PKC can also cross-phosphorylate the PKA sites at Ser23/24 [41], resulting in reduced myofilament Ca2+ sensitivity and changes opposite to those of Ser43/45 phosphorylation in terms of crossbridge cycling rate. PKCβ2 (like PKA) may also reduce myofilament Ca2+ sensitivity, based on studies in a transgenic mouse overexpressing this isoform in the heart [31], but whether this involves Ser23/24 phosphorylation has not been reported. Interestingly, recent data examining global cardiac function in vivo found that in transgenic mice with Ser43/45 mutated to alanine there was increased cTnI phosphorylation at Ser23/24, which resulted in enhanced contraction and relaxation under basal conditions [36]. These data suggest that “basal” contractile function may reflect a balance between effects resulting from PKC-dependent Ser43/45 phosphorylation (which reduces systolic function and delays relaxation) and PKA-dependent Ser23/24 phosphorylation (which has positive inotropic and lusitropic effects) [36]. In this regard, PKA and PKC might also have opposing effects on cardiac efficiency.

Although the precise effects of PKC-dependent cTnI phosphorylation remain to be fully established, an emerging consensus from the data presented above would be that Ser43/45 phosphorylation reduces maximal Ca2+-activated tension and in concert with phosphorylation of Thr144 reduces sliding velocity, and that these effects may be relatively beneficial in energetic terms at least in the non-diseased heart (Fig. 1). Furthermore, there may be significant interdependence between PKC- and PKA-mediated effects at Ser43/45 and Ser23/24, respectively.

2.3. Phosphorylation by cyclic GMP-dependent protein kinase (PKG)

PKG exists as 2 isoforms, PKG I and PKG II [44]. PKG I is expressed at relatively low levels in cardiomyocytes [44,45] and can phosphorylate cTnI at Ser23/24, although at an ∼100-fold slower rate than PKA [44,46]. However, TnT may serve as an anchoring protein for PKG, thus facilitating preferential and rapid cTnI phosphorylation [44]. The cGMP–PKG pathway in cardiomyocytes is activated by various autocrine/paracrine agents, including nitric oxide (NO) synthesized by coronary microvascular endothelial cells or cardiomyocytes (reviewed in [47]) and the natriuretic peptides–i.e., atrial natriuretic peptide (ANP) synthesized by atrial tissue, brain natriuretic peptide (BNP) synthesized by ventricular tissue and C-type natriuretic peptide (CNP) synthesized by endothelial cells [45,48,49]. Peroxynitrite (formed from reaction between NO and superoxide) may also activate the cGMP–PKG pathway [50].

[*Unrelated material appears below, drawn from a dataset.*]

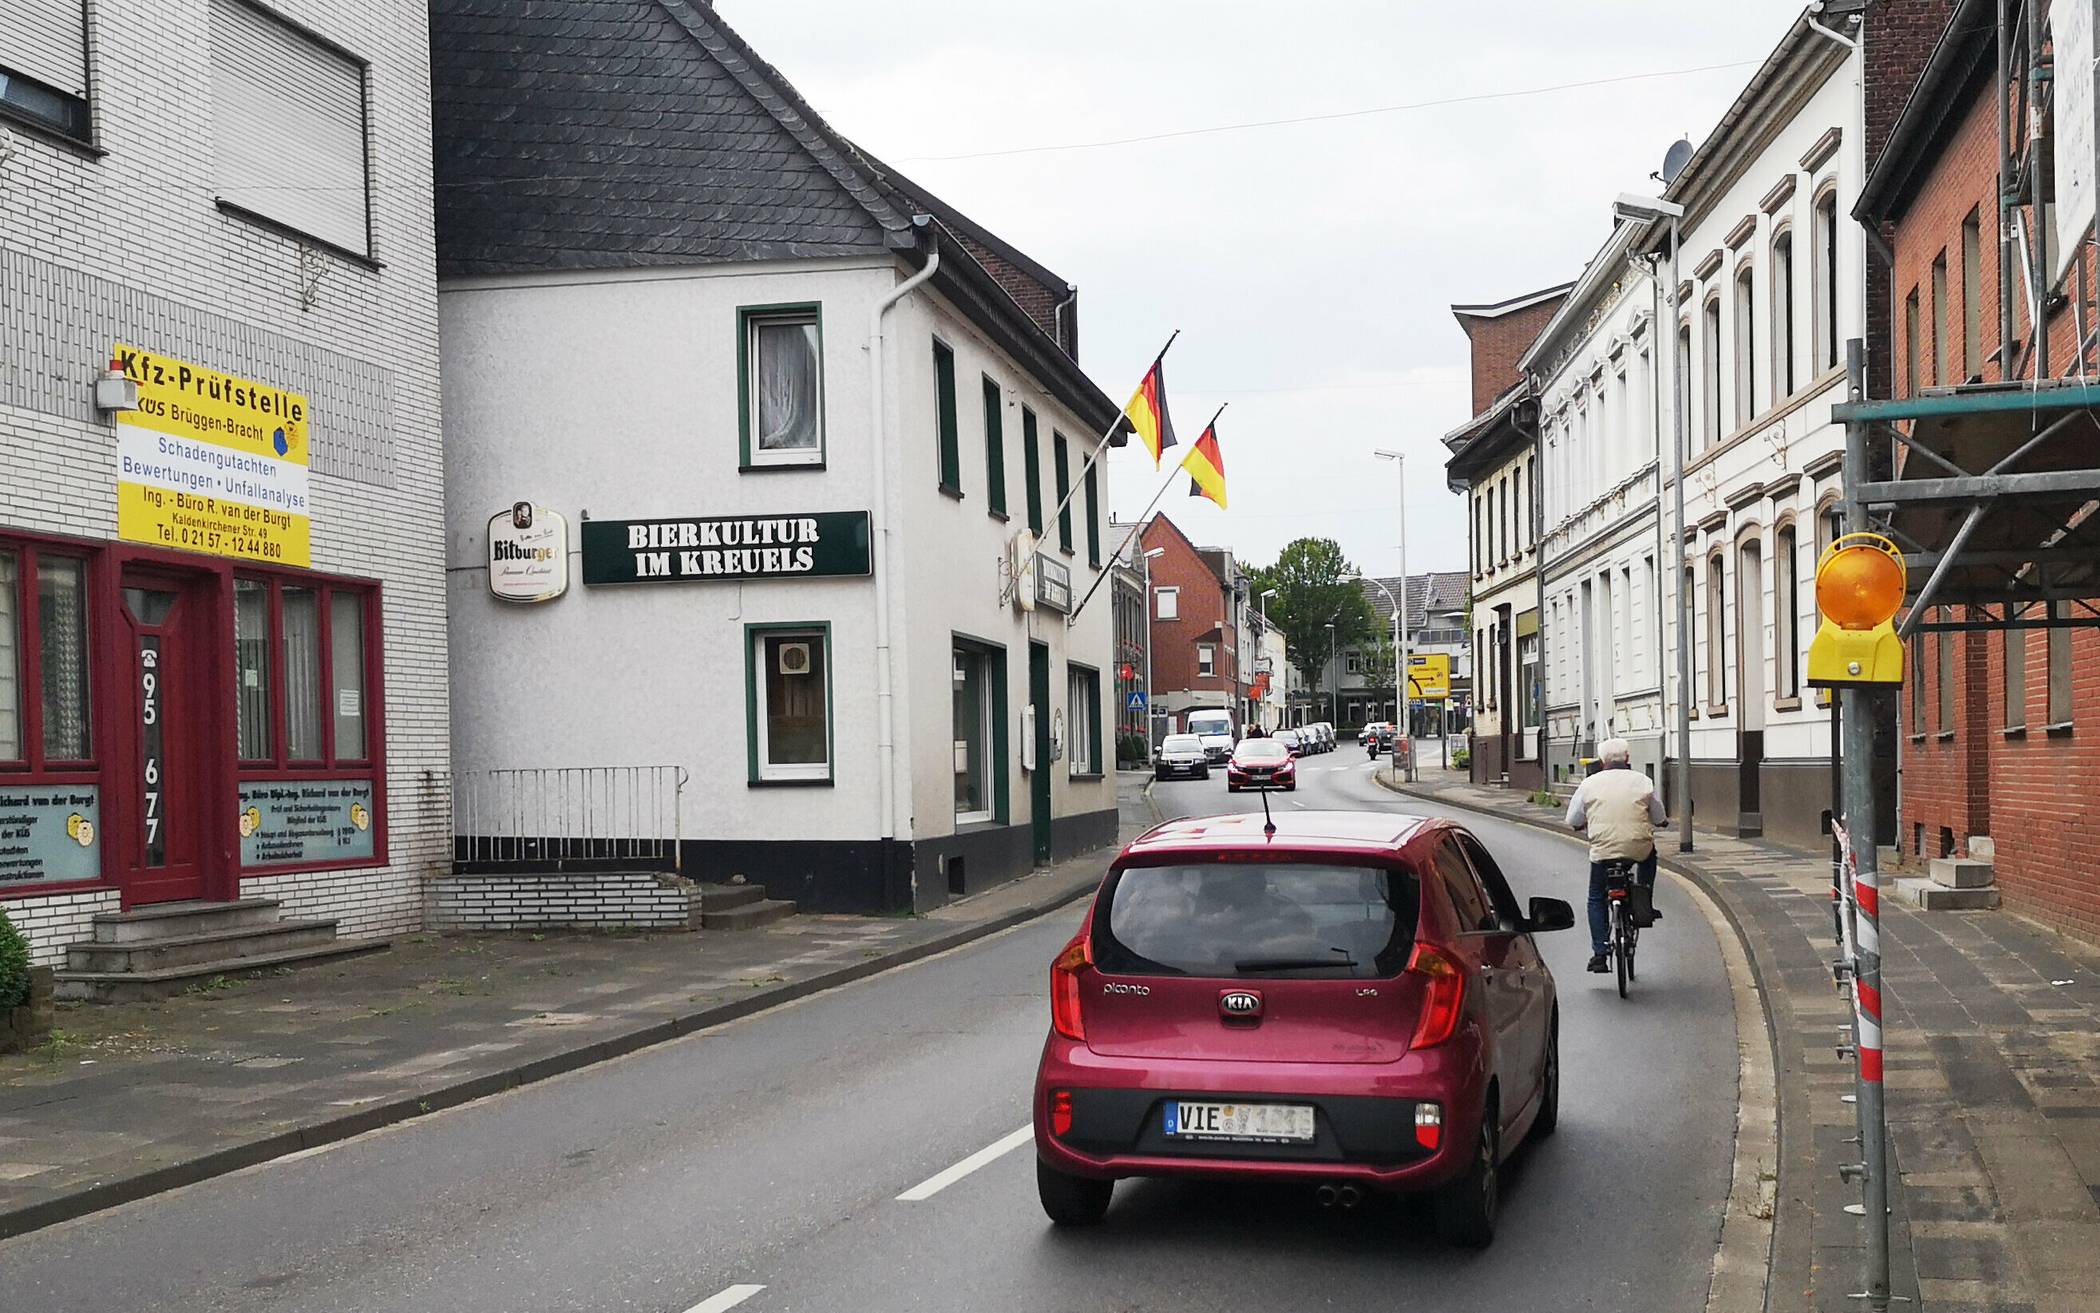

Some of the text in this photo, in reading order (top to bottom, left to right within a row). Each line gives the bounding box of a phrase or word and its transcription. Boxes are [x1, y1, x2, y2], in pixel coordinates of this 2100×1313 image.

PKG-induced cTnI phosphorylation at Ser23/24 should have similar effects to those of PKA (Fig. 1). Indeed, treatment of skinned cardiac preparations with PKG reduces myofilament Ca2+ sensitivity [51], with a greater effect in failing compared to non-failing human myocardium [52]. However, the effects of PKG on crossbridge kinetics and shortening velocity have yet to be determined. The contribution of cTnI phosphorylation by PKG to overall changes in contractile function has been difficult to ascertain, especially since PKG may have other effects such as reduction of the L-type Ca2+ current or increased SR Ca2+ uptake [47]. Furthermore, agents such as NO that raise cGMP may have additional non-cGMP-dependent effects, while cGMP itself can influence the activity of several phosphodiesterases and thereby modulate function by altering cAMP levels [47]. Nevertheless, one fairly consistent effect of NO donors, PKG activators or agonists that release NO in a variety of preparations and species including humans is an acceleration of myocardial relaxation and/or a reduction in diastolic tone [53–57]. Thus, NO has been suggested to play an important role in regulating diastolic tone and ventricular filling probably through PKG-dependent pathways [47]. In intact cardiomyocytes, these effects of NO or PKG activators resulted from a reduction in myofilament Ca2+ sensitivity [55–57], and were blocked by pharmacological inhibition of PKG [55–58] or by knockout of PKG I in a transgenic model [59]. Furthermore, in isolated rat hearts, treatment with an NO donor caused an increase in cTnI phosphorylation at Ser23/24 [57]. It has been suggested that PKG could reduce myofilament Ca2+ sensitivity by inducing an intracellular acidosis [60], but we found that the negative inotropic and relaxant effects of NO donors were independent of intracellular acidosis [55,57]. Interestingly, the cardiodepressant effects of peroxynitrite have also been largely attributed to reduced myofilament Ca2+ responsiveness, at least partly mediated by PKG [50].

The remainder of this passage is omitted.